Spatial localization data:
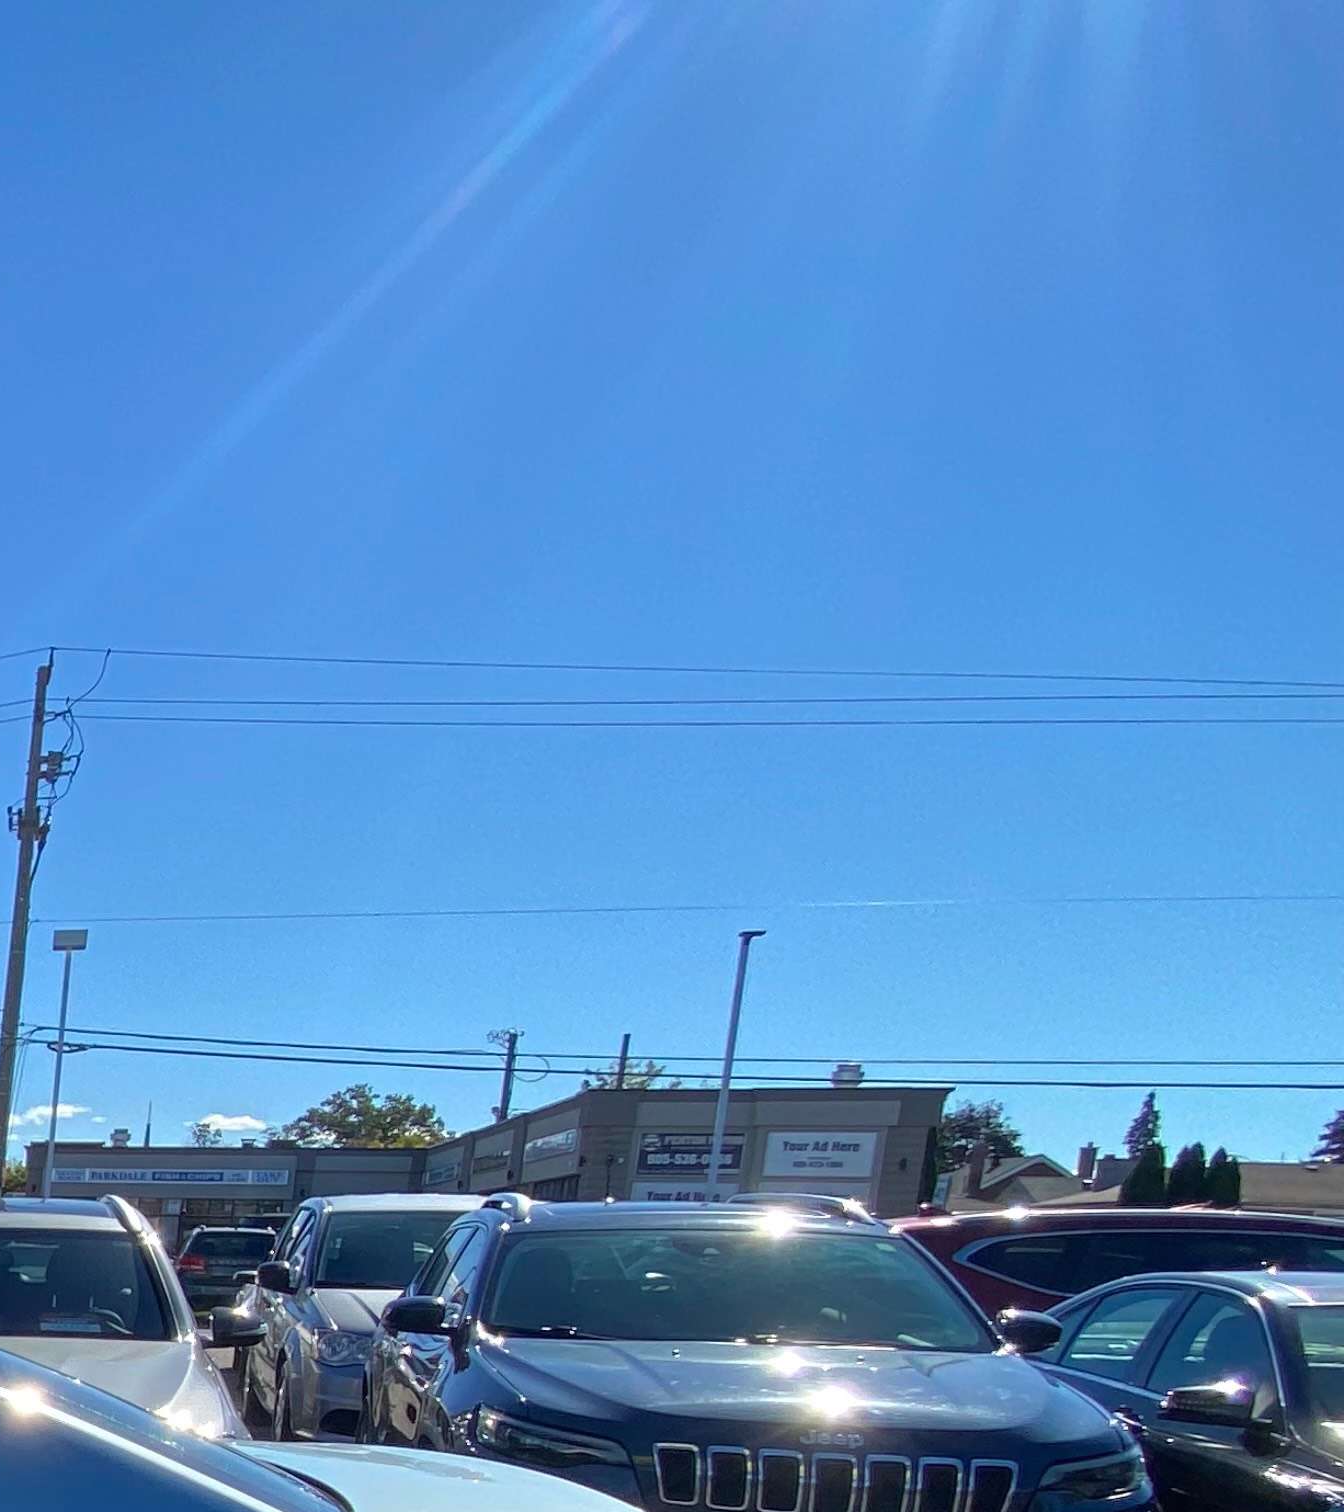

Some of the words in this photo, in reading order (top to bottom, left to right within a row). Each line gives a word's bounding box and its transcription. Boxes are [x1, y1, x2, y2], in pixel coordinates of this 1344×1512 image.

[783, 1141, 810, 1152] Your
[812, 1141, 829, 1152] Ad
[831, 1141, 860, 1152] Here
[800, 1429, 865, 1449] Jeep
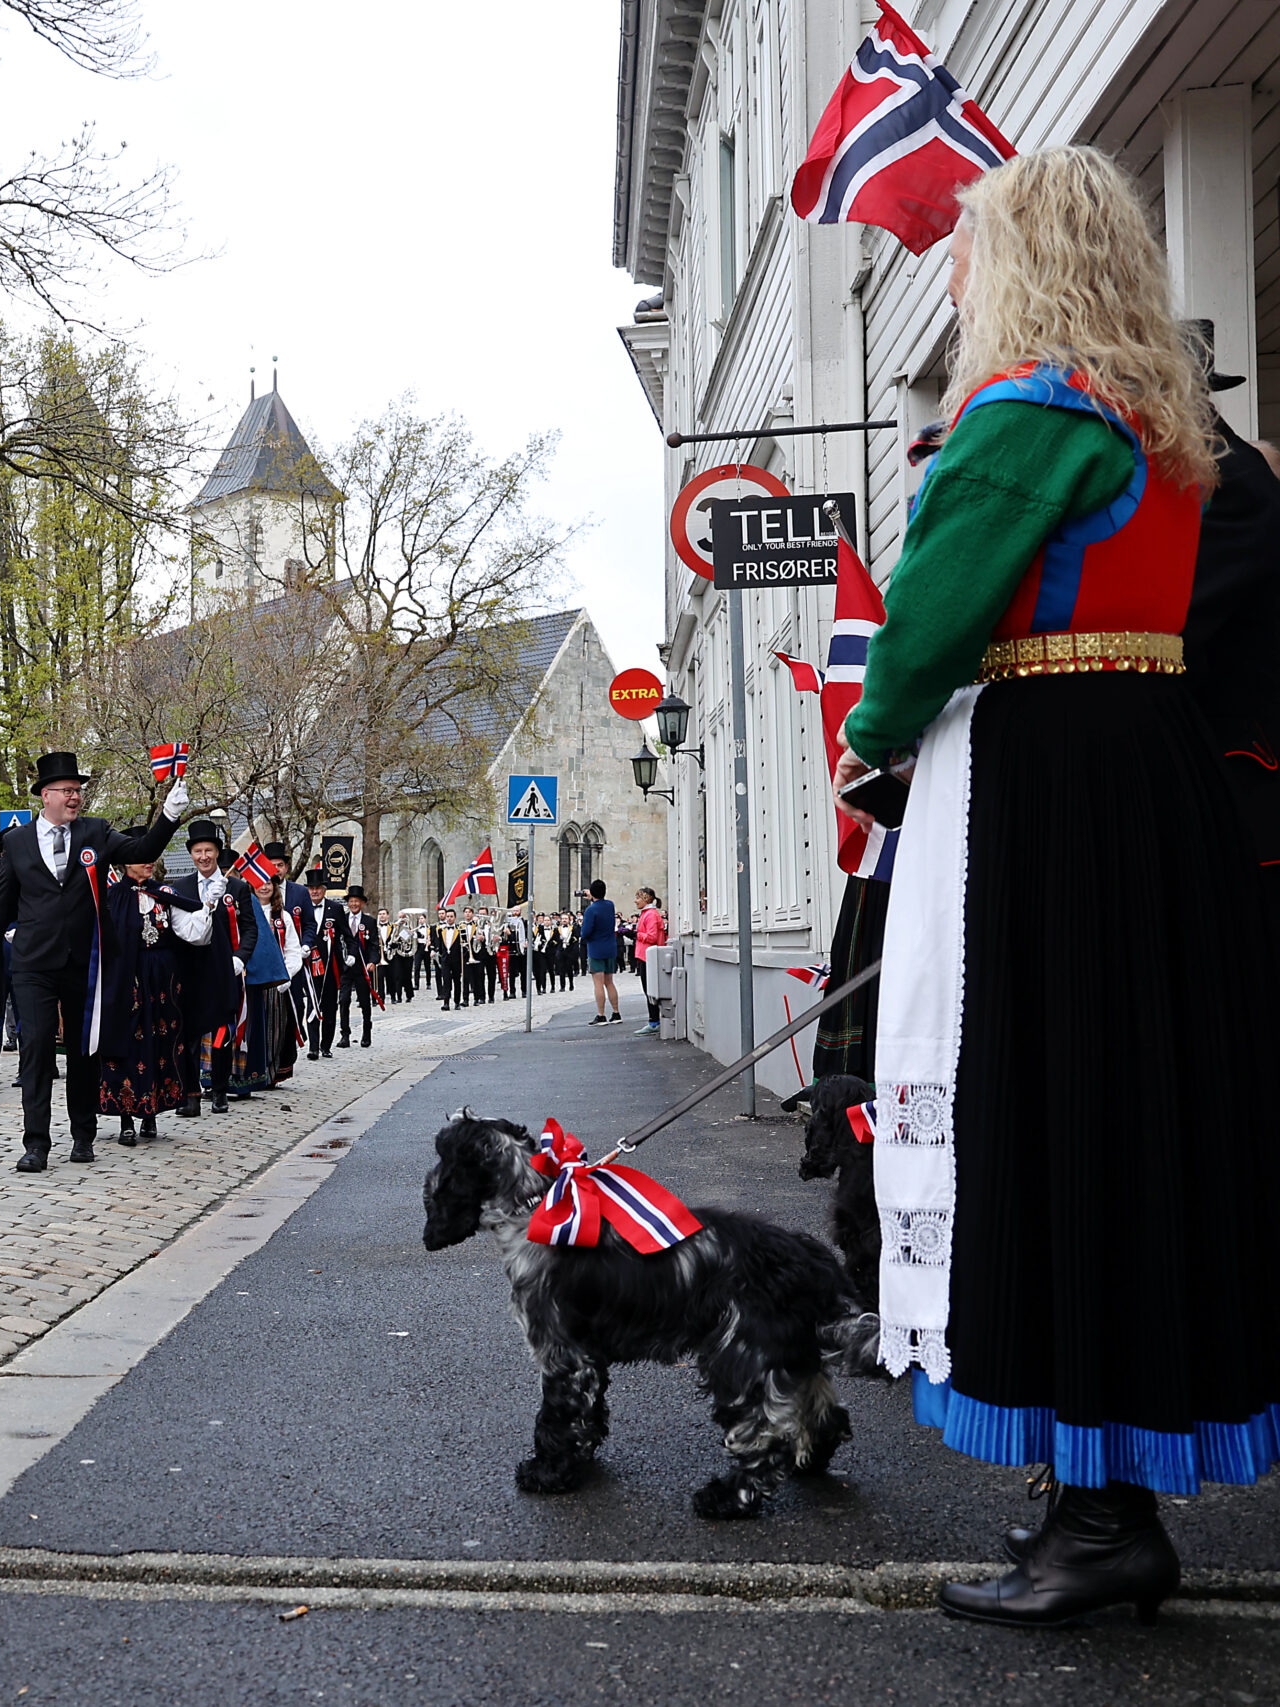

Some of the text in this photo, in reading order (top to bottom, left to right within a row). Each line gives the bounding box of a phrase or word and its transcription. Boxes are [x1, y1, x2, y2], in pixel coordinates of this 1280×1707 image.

[730, 507, 838, 544] TELL
[742, 539, 838, 551] ONLY YOUR BEST FRIENDS
[733, 558, 838, 581] FRISØRER
[612, 687, 659, 700] EXTRA

# WHAT IS BEING ASKED
Drop every image, please, and write out the data above exactly as shown.

# REPLY
Some of the words in this photo, in reading order (top to bottom, left to right within a row). Each line gives a word's bounding box and its transcription. Boxes are [x1, y1, x2, y2], in pixel coordinates of this 1344×1512 image.

[783, 1141, 810, 1152] Your
[812, 1141, 829, 1152] Ad
[831, 1141, 860, 1152] Here
[800, 1429, 865, 1449] Jeep

Some of the text in this photo, in reading order (top to bottom, left to right within a row). Each line gives the bounding box of a phrase or word and its transcription. Boxes are [x1, y1, x2, y2], in pixel coordinates of this 1280×1707 image.

[730, 507, 838, 544] TELL
[742, 539, 838, 551] ONLY YOUR BEST FRIENDS
[733, 558, 838, 581] FRISØRER
[612, 687, 659, 700] EXTRA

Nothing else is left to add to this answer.